The safety and scientific validity of this study is the responsibility of the study sponsor and investigators. Listing a study does not mean it has been evaluated by the U.S. Federal Government. Read our disclaimer for details.
 
ClinicalTrials.gov Identifier: NCT02211131
Recruitment Status : Active, not recruiting
First Posted : August 7, 2014
Results First Posted : May 28, 2020
Last Update Posted : May 28, 2020
Sponsor:
Information provided by (Responsible Party):
Amgen

Brief Summary:
This is a phase 2, multicenter, randomized, open-label study to estimate the efficacy of talimogene laherparepvec as a neoadjuvant treatment followed by surgery compared to surgery alone in subjects with completely resectable stage IIIB, IIIC, or IVM1a melanoma.

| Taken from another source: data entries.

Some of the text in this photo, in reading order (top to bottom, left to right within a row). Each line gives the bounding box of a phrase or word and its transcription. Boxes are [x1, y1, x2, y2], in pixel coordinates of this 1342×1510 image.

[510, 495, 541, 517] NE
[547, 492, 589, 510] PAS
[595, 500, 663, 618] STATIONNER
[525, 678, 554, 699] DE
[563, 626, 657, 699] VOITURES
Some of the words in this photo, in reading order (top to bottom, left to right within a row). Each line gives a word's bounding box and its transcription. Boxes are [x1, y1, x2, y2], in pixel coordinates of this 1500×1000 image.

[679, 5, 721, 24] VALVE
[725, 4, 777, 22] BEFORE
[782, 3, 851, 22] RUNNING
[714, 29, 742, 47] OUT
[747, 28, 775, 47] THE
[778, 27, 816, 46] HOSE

Condition or disease Intervention/treatment Phase
Completely Resectable Stage IIIB, IIIC, or IVM1a Melanoma Drug: Talimogene Laherparepvec Procedure: Immediate surgical resection of melanoma lesion(s) Phase 2

Detailed Description:

This is a phase 2, multicenter, randomized, open-label study to estimate the efficacy of talimogene laherparepvec as a neoadjuvant treatment followed by surgery compared to surgery alone in subjects with completely resectable stage IIIB, IIIC, or IVM1a melanoma.

Arm 1: Talimogene laherparepvec for 6 doses followed by surgical resection of melanoma tumor lesion(s).

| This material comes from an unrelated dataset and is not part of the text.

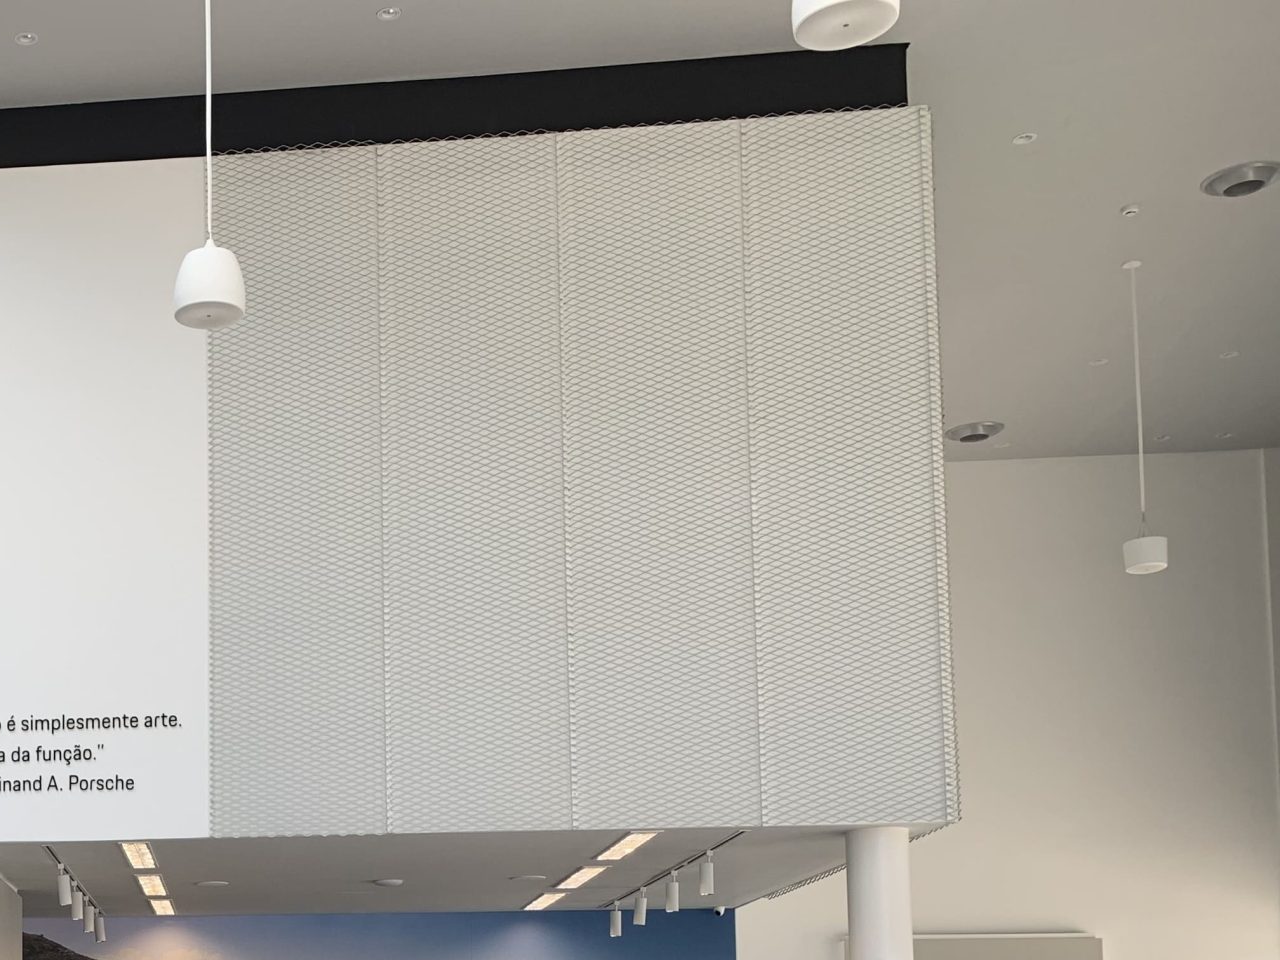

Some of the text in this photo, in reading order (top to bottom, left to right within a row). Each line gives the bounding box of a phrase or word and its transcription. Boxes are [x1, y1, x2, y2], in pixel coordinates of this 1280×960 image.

Arm 2: Immediate surgical resection of melanoma tumor lesion(s) Following surgery, adjuvant systemic therapy and/or radiotherapy may be administered at the investigator's discretion and per the institutional standard of care.

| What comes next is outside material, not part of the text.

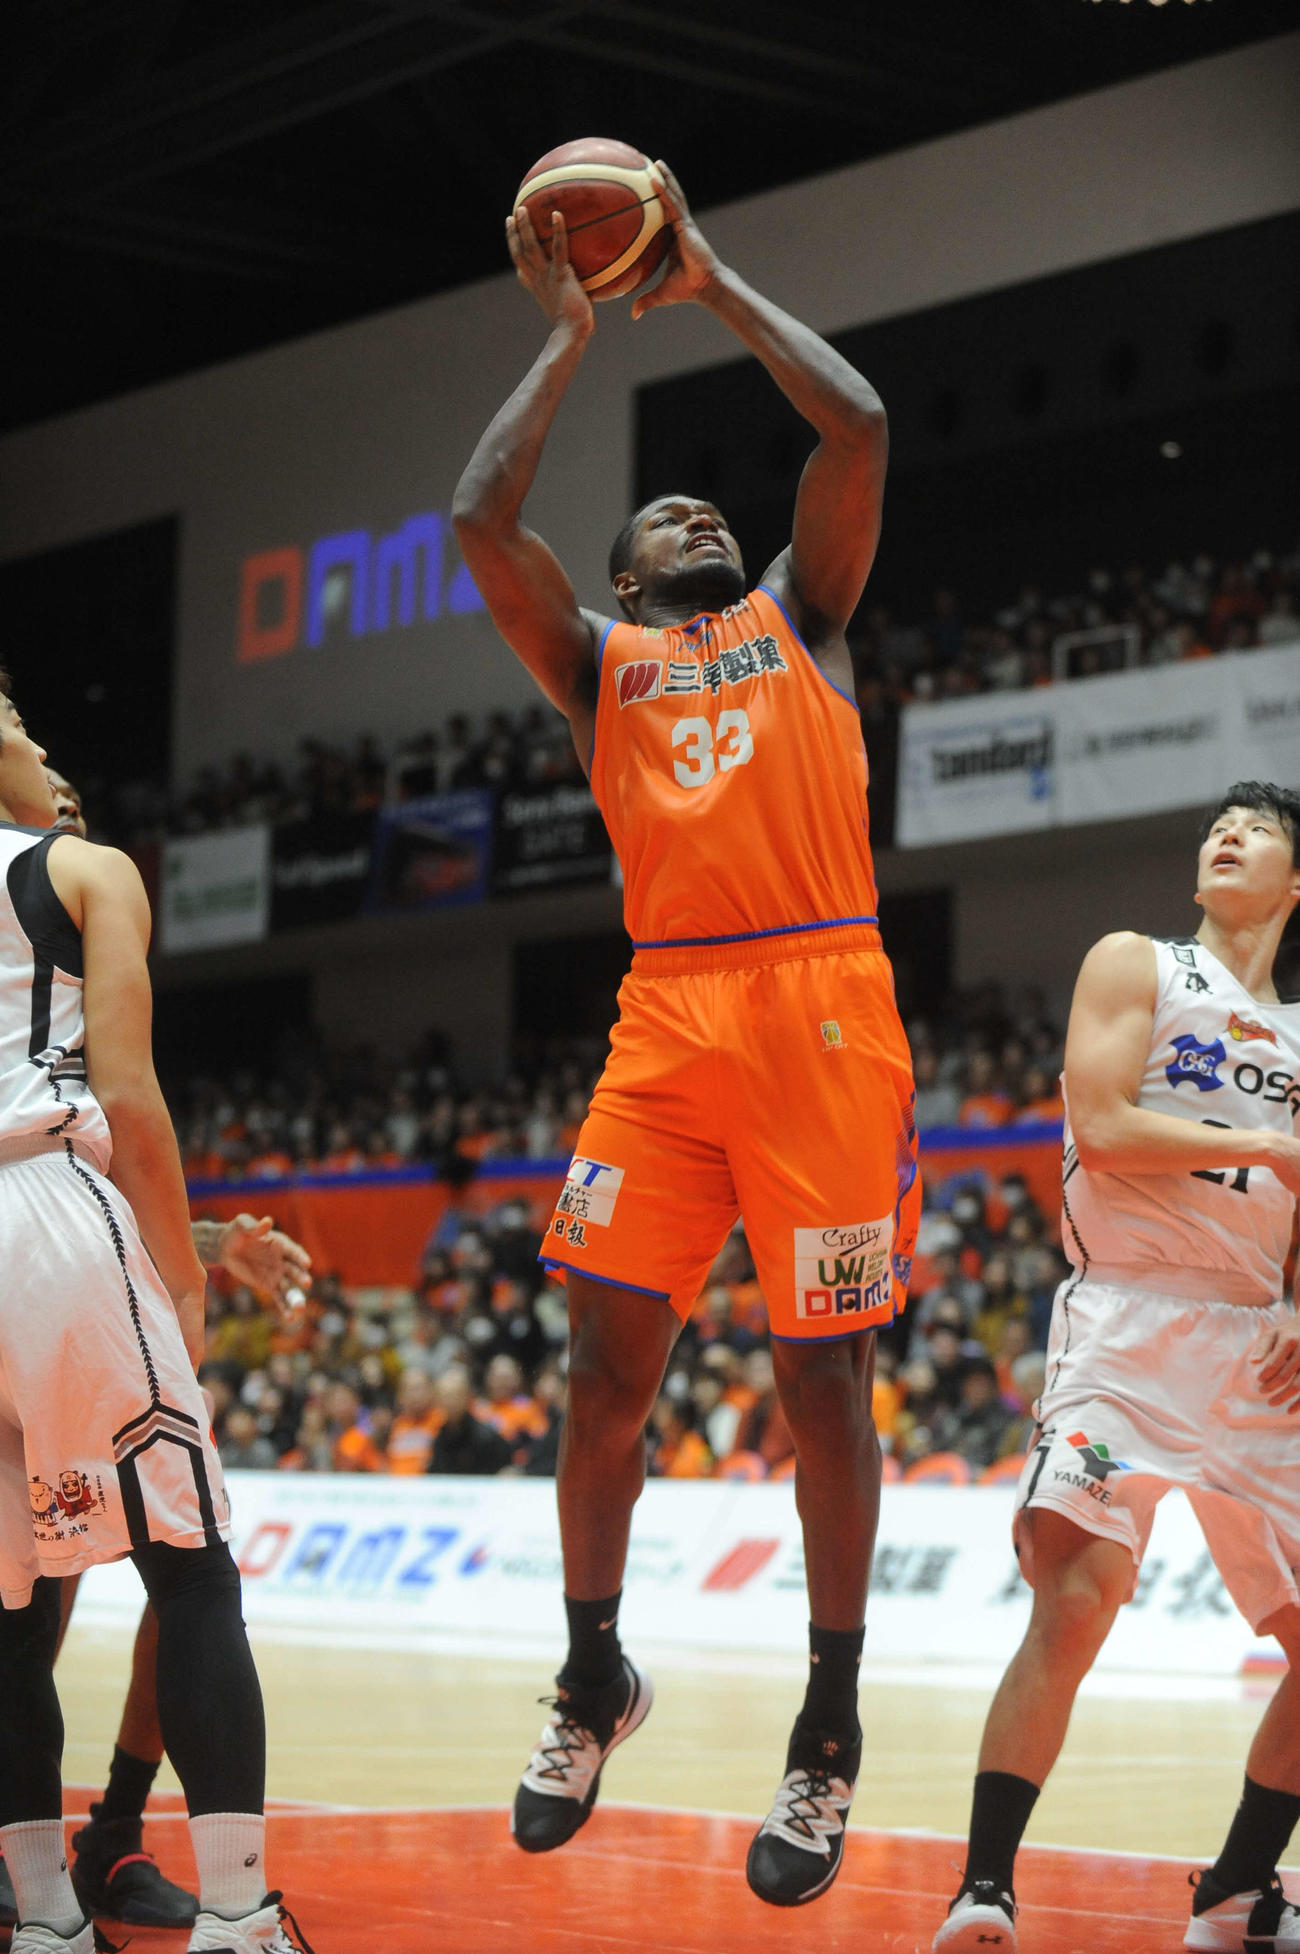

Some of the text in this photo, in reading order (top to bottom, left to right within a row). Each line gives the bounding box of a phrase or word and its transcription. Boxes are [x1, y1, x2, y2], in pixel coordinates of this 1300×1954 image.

[671, 708, 754, 788] 33
[821, 1225, 881, 1255] Crafty
[818, 1256, 865, 1286] UW
[1053, 1470, 1112, 1508] YAMAZE

Subjects will be followed for safety approximately 30 (+15) days after surgery and for disease recurrence, subsequent anticancer therapy, and survival every 3 months (±30 days) for first 3 years after the end of the safety follow-up period and then every 6 months (±30 days) until death, subject withdraws full consent, or up to 5 years after the last subject is randomized.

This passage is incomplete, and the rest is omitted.